Clearance of vegetation in the lower Waitaki River from the Waitaki dam to the sea should be a condition on Meridian Energy Ltd if it builds a $1 billion power scheme, the Lower Waitaki River Management Society says.
The society wants that condition on four resource consents for water for the north bank tunnel concept power scheme if the Environment Court gives approval.
Meridian promised it would clear a fairway along the lower river, and has already reached agreement to do that with the Waitaki Protection Trust and Environment Canterbury (ECan).
But the society wants the court to go a step further and enshrine that in resource consents for the new scheme.
When ECan granted consents for the scheme, the fairway clearance was a condition.
However, in an interim decision in September last year, the Environment Court suggested removing it.

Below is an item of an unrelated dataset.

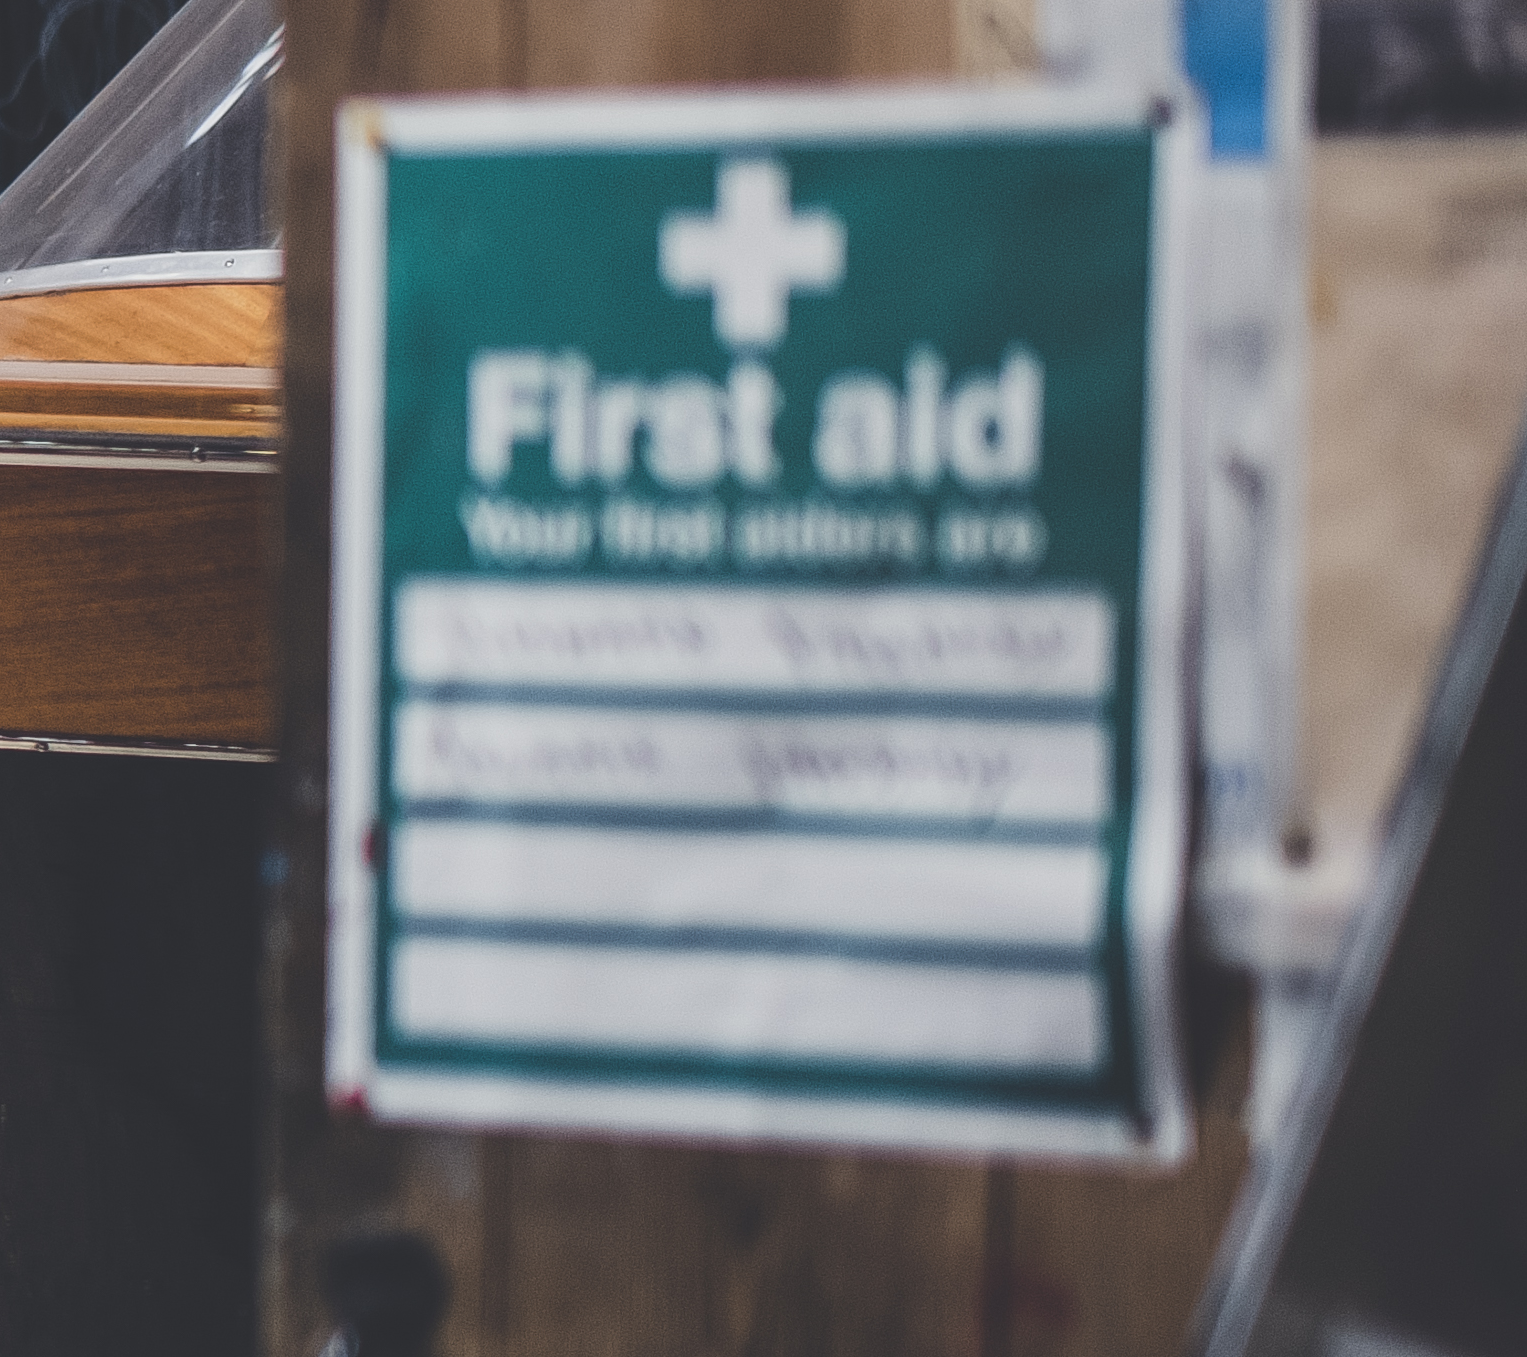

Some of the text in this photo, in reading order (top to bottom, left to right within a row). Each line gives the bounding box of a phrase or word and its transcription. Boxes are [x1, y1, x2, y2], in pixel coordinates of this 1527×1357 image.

[465, 342, 1046, 490] First aid
[462, 494, 592, 568] Your
[606, 494, 724, 562] first
[942, 510, 1042, 563] are

The court said the vegetation clearance to the sea was desirable.
However, it was not required to mitigate directly any adverse effects of the power scheme.
The court suggested it could only impose a condition for vegetation removal over the length of the new scheme, from the Waitaki dam tunnel intake to the Stonewall outfall into the river.

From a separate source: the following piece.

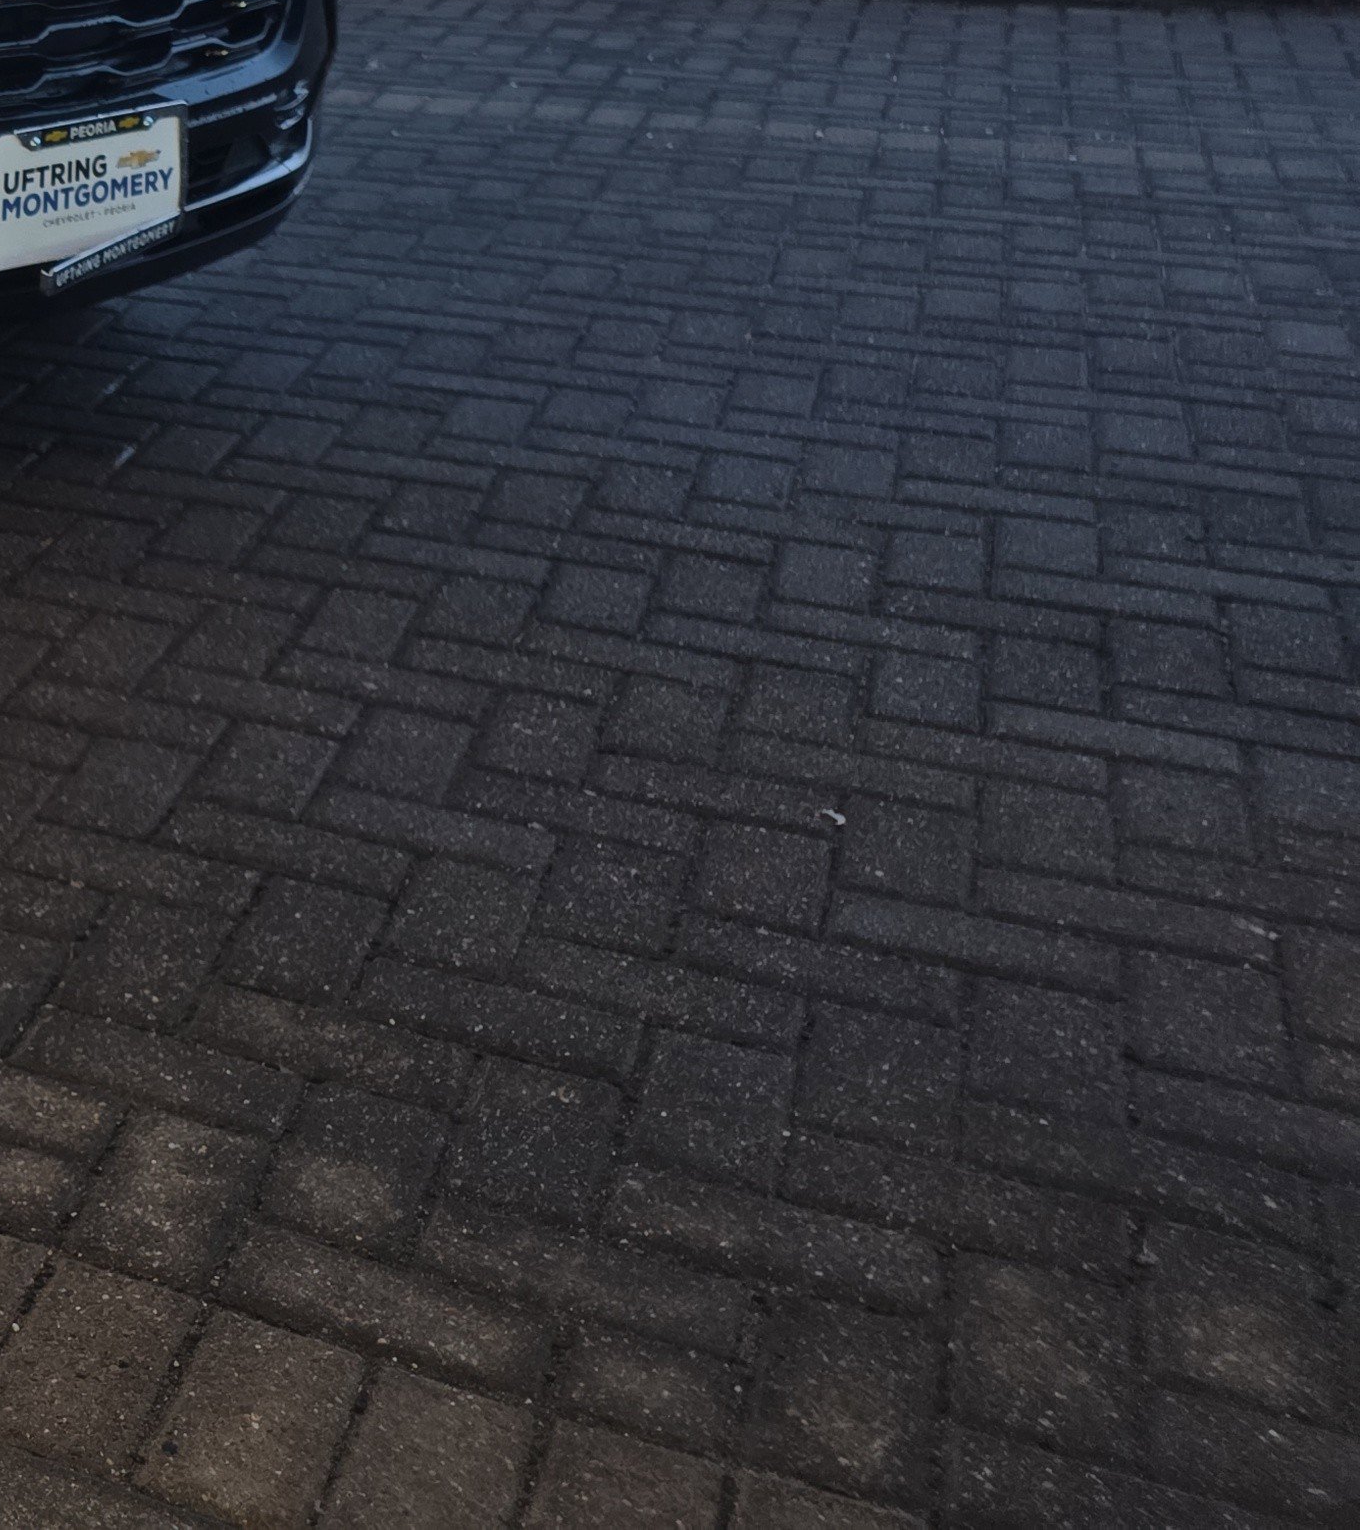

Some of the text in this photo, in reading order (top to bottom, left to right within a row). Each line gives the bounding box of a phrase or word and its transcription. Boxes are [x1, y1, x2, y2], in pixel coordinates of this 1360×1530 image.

[70, 119, 117, 140] PEORIA
[2, 167, 173, 221] MONTGOMERY
[4, 155, 107, 195] UFTRING
[56, 220, 175, 288] UFTRING MONTGOMERY

"Our concern is the applicant [Meridian] will spend significant sums of money on fairway clearance below Stonewall when there are other more direct and valuable forms of mitigation which require funding," the court said.
The society's legal counsel, Camilla Owen, agreed Meridian had provided for the extra clearance in side agreements, but said the society still wanted that as a consents condition.

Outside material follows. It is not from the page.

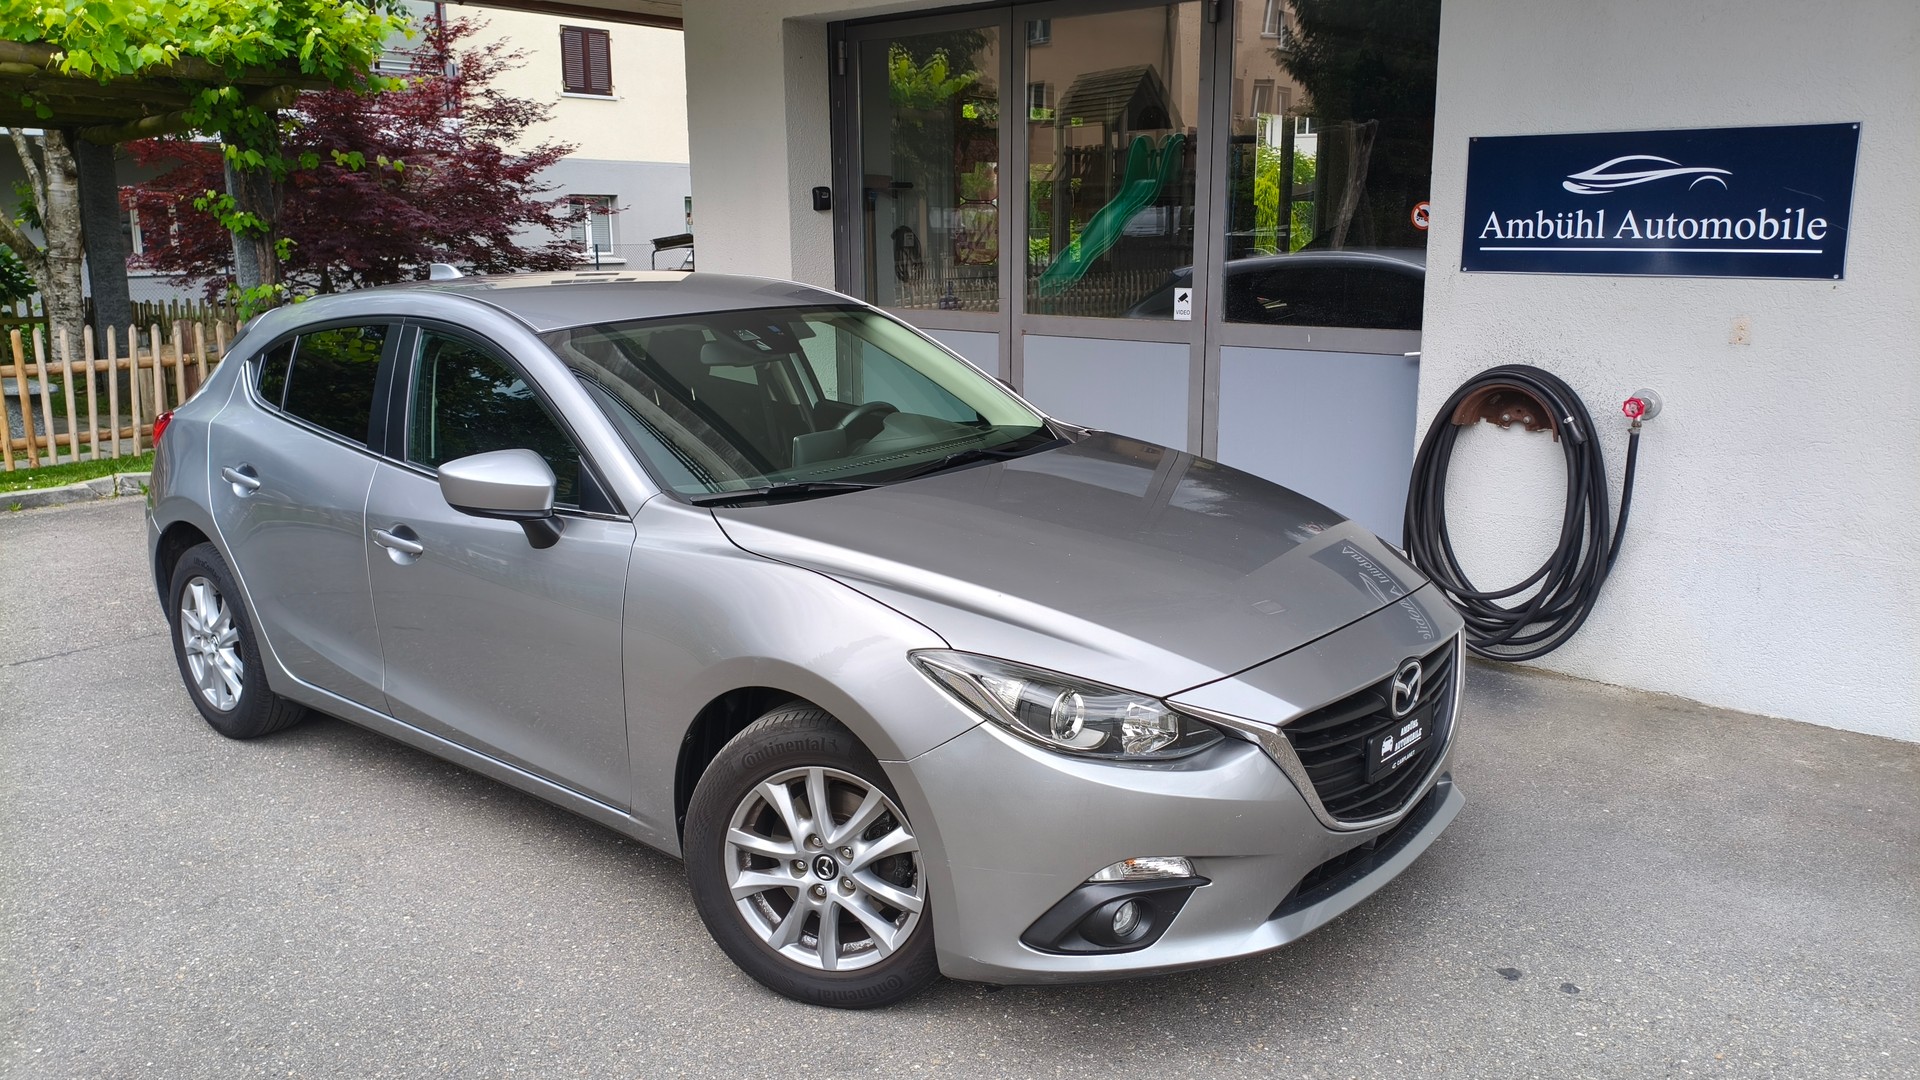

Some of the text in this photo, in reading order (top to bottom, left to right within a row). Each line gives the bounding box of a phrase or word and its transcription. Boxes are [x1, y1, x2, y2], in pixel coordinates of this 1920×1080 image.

[1478, 207, 1828, 241] Ambühl Automobile
[741, 737, 826, 770] Continental
[815, 974, 904, 1001] Continental

It would not put extra expense on Meridian because it had already agreed to do it.
A condition would ensure an ongoing obligation to do the work and avoid the potential for changes in any private agreements in the future.
Ms Owen pointed out the vegetation clearance to the sea would also mitigate some of the effects of the power scheme between the Waitaki dam and Stonewall by providing more feeding and breeding habitat for braided river birds, a more mobile riverbed, braiding, appropriate channel alignments and amenity values, including better access for anglers and hunters.
Another interested party, Dugald MacTavish of Moeraki, had been involved, like others, in meetings with Meridian to negotiate acceptable conditions.
Those meetings had been constructive, and had resolved many issues.
"There remain, however, a number of requests to changes to the conditions from me that Meridian was unwilling to agree to and which seem important enough not to simply relinquish," he saidMr MacTavish put to the court a number of changes he still wanted to the conditions, including new alternatives.
"Given the scale and probable permanence of the effect on the lower Waitaki ... I consider it is beholden upon us all to develop at the outset the best possible combination of conditions," he said.
He had almost 20 issues he wanted to see clarified, included or changed.